(Records for processing)
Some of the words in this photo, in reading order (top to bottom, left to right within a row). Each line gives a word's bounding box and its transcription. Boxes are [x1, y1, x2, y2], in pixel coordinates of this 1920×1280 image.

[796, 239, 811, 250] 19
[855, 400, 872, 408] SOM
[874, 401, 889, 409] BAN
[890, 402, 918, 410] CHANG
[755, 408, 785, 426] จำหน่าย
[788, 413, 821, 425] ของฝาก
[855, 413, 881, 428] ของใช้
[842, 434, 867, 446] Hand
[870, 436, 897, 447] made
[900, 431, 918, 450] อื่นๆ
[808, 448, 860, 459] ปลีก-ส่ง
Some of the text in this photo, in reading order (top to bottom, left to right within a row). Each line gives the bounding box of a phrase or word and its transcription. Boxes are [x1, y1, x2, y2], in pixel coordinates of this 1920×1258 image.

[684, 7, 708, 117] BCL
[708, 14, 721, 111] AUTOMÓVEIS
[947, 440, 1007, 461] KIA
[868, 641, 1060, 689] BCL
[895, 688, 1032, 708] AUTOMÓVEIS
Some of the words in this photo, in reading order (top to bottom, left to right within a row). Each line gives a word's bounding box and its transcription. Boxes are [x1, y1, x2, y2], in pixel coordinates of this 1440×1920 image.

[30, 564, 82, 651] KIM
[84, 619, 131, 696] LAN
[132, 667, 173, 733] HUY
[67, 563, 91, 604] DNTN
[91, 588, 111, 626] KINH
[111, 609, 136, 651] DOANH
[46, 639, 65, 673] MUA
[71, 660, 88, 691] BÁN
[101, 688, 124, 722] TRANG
(End Records for processing)
> _Work order_: The answer must be a word-for-word transcription of every record above.

> _Answer section_:
Some of the words in this photo, in reading order (top to bottom, left to right within a row). Each line gives a word's bounding box and its transcription. Boxes are [x1, y1, x2, y2], in pixel coordinates of this 1920×1280 image.

[796, 239, 811, 250] 19
[855, 400, 872, 408] SOM
[874, 401, 889, 409] BAN
[890, 402, 918, 410] CHANG
[755, 408, 785, 426] จำหน่าย
[788, 413, 821, 425] ของฝาก
[855, 413, 881, 428] ของใช้
[842, 434, 867, 446] Hand
[870, 436, 897, 447] made
[900, 431, 918, 450] อื่นๆ
[808, 448, 860, 459] ปลีก-ส่ง
Some of the text in this photo, in reading order (top to bottom, left to right within a row). Each line gives the bounding box of a phrase or word and its transcription. Boxes are [x1, y1, x2, y2], in pixel coordinates of this 1920×1258 image.

[684, 7, 708, 117] BCL
[708, 14, 721, 111] AUTOMÓVEIS
[947, 440, 1007, 461] KIA
[868, 641, 1060, 689] BCL
[895, 688, 1032, 708] AUTOMÓVEIS
Some of the words in this photo, in reading order (top to bottom, left to right within a row). Each line gives a word's bounding box and its transcription. Boxes are [x1, y1, x2, y2], in pixel coordinates of this 1440×1920 image.

[30, 564, 82, 651] KIM
[84, 619, 131, 696] LAN
[132, 667, 173, 733] HUY
[67, 563, 91, 604] DNTN
[91, 588, 111, 626] KINH
[111, 609, 136, 651] DOANH
[46, 639, 65, 673] MUA
[71, 660, 88, 691] BÁN
[101, 688, 124, 722] TRANG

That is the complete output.